**ABOUT THIS TASK:** When you reach the entries below, transcribe each one exactly as it stands.
=-=-=-=-=
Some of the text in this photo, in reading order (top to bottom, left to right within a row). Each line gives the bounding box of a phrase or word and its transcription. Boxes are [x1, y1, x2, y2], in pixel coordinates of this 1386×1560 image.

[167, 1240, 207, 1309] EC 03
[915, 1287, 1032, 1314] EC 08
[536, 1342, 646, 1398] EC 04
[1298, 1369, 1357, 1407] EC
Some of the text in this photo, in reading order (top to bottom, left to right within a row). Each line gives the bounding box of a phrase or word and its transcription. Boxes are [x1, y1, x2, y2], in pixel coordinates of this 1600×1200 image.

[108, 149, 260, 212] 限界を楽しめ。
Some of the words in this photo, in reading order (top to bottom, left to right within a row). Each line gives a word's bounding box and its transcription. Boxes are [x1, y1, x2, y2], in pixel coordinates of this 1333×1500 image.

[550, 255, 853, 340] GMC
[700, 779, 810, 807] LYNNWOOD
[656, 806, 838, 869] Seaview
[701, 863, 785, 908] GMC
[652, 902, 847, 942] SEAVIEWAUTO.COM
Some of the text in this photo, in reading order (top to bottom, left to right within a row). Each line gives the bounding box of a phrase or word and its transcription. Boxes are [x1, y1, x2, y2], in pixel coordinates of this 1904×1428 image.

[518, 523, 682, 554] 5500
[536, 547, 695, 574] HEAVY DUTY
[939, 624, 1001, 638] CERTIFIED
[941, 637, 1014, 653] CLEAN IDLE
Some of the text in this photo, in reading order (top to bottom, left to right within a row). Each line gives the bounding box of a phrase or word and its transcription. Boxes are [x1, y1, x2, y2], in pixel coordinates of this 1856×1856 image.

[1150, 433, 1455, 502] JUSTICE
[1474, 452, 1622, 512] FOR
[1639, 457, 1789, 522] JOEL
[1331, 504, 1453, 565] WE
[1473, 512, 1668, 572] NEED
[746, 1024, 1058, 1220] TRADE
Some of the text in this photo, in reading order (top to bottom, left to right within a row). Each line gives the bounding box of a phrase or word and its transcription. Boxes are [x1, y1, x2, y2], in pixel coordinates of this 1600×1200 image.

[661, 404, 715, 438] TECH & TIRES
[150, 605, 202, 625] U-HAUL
=-=-=-=-=
**RESPONSE TO THE EXERCISE:**
Some of the text in this photo, in reading order (top to bottom, left to right within a row). Each line gives the bounding box of a phrase or word and its transcription. Boxes are [x1, y1, x2, y2], in pixel coordinates of this 1386×1560 image.

[167, 1240, 207, 1309] EC 03
[915, 1287, 1032, 1314] EC 08
[536, 1342, 646, 1398] EC 04
[1298, 1369, 1357, 1407] EC
Some of the text in this photo, in reading order (top to bottom, left to right within a row). Each line gives the bounding box of a phrase or word and its transcription. Boxes are [x1, y1, x2, y2], in pixel coordinates of this 1600×1200 image.

[108, 149, 260, 212] 限界を楽しめ。
Some of the words in this photo, in reading order (top to bottom, left to right within a row). Each line gives a word's bounding box and its transcription. Boxes are [x1, y1, x2, y2], in pixel coordinates of this 1333×1500 image.

[550, 255, 853, 340] GMC
[700, 779, 810, 807] LYNNWOOD
[656, 806, 838, 869] Seaview
[701, 863, 785, 908] GMC
[652, 902, 847, 942] SEAVIEWAUTO.COM
Some of the text in this photo, in reading order (top to bottom, left to right within a row). Each line gives the bounding box of a phrase or word and its transcription. Boxes are [x1, y1, x2, y2], in pixel coordinates of this 1904×1428 image.

[518, 523, 682, 554] 5500
[536, 547, 695, 574] HEAVY DUTY
[939, 624, 1001, 638] CERTIFIED
[941, 637, 1014, 653] CLEAN IDLE
Some of the text in this photo, in reading order (top to bottom, left to right within a row). Each line gives the bounding box of a phrase or word and its transcription. Boxes are [x1, y1, x2, y2], in pixel coordinates of this 1856×1856 image.

[1150, 433, 1455, 502] JUSTICE
[1474, 452, 1622, 512] FOR
[1639, 457, 1789, 522] JOEL
[1331, 504, 1453, 565] WE
[1473, 512, 1668, 572] NEED
[746, 1024, 1058, 1220] TRADE
Some of the text in this photo, in reading order (top to bottom, left to right within a row). Each line gives the bounding box of a phrase or word and its transcription. Boxes are [x1, y1, x2, y2], in pixel coordinates of this 1600×1200 image.

[661, 404, 715, 438] TECH & TIRES
[150, 605, 202, 625] U-HAUL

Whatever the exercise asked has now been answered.